Whether it’s a new treatment technique or a different way of performing your regular checkups, modern medicine is always coming up with advances and breakthroughs. But that doesn’t mean you’ll hear about them from your doctor. Some physicians are slow to embrace change, perhaps because they are waiting for more evidence that the latest way is better than the old way, or because they’re unwilling to invest in learning the new technique or buying the new equipment, or simply because they feel that innovation isn’t warranted in certain situations. But if a breakthrough is going to be bypassed, you should know it—and decide whether you want to seek the new procedure elsewhere. Here, several top-of-the-line techniques to ask about before you book a procedure.

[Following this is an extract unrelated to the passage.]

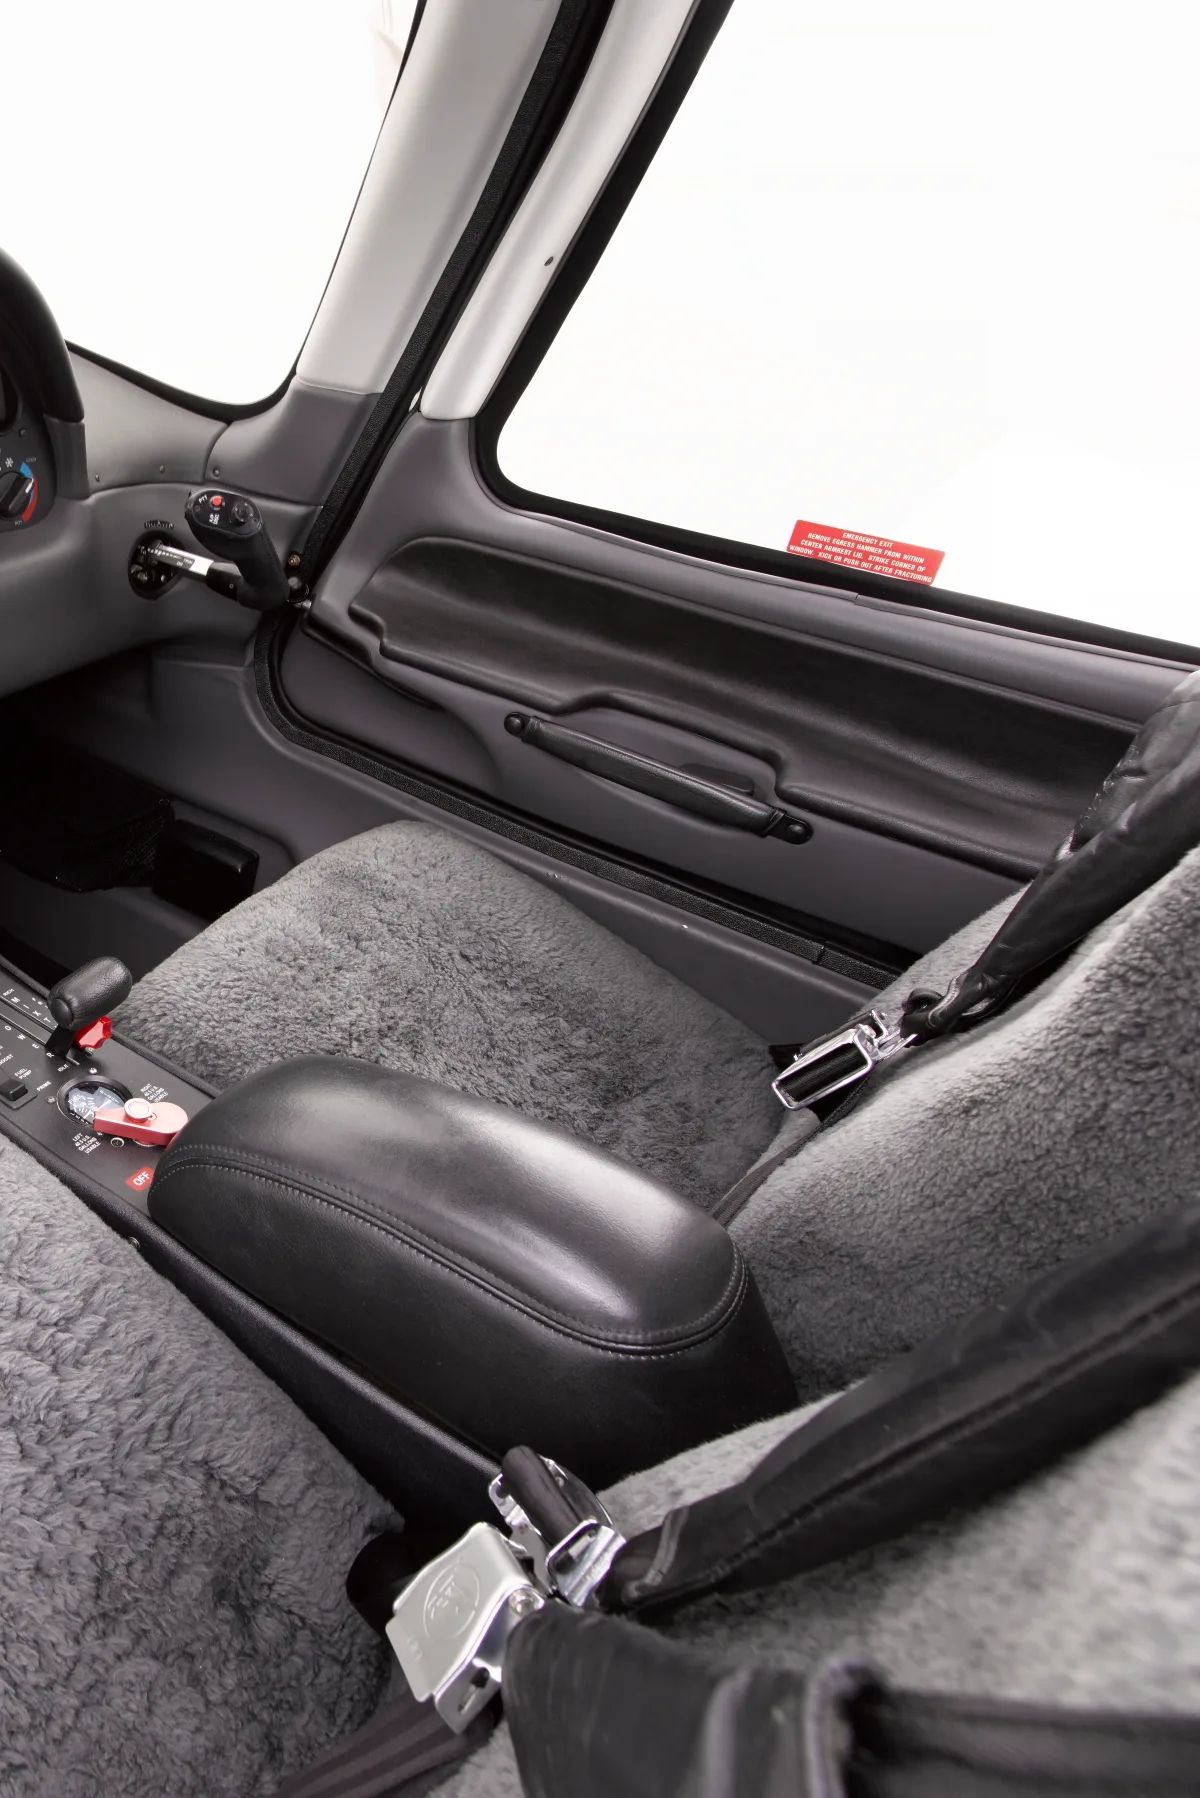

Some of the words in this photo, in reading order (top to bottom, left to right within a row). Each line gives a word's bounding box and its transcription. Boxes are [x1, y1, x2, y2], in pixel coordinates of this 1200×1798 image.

Minimally Invasive Breast Biopsy: Determines whether a lump is cancerous
Some 25 years ago, after my gynecologist found a lump in my breast, he shipped me off to the OR, dug out the
whole tumor and biopsied it. The wound bled for days and I still sport a two-inch scar, but the tumor was benign and I am not complaining. At that time, open surgical biopsy was standard practice, but technological advances of the last two decades should have rendered that procedure nearly obsolete. Working on an outpatient basis, doctors can now use ultrasound, MRIs or stereotactic navigation to guide a thin needle into the skin to remove tissue samples for biopsy, which allows for a definitive diagnosis and enables the patient to recover almost immediately. Indeed, a 2009 conference of top cancer doctors agreed that these minimally invasive needle biopsies represent the “best practice” for diagnosis in almost all cases.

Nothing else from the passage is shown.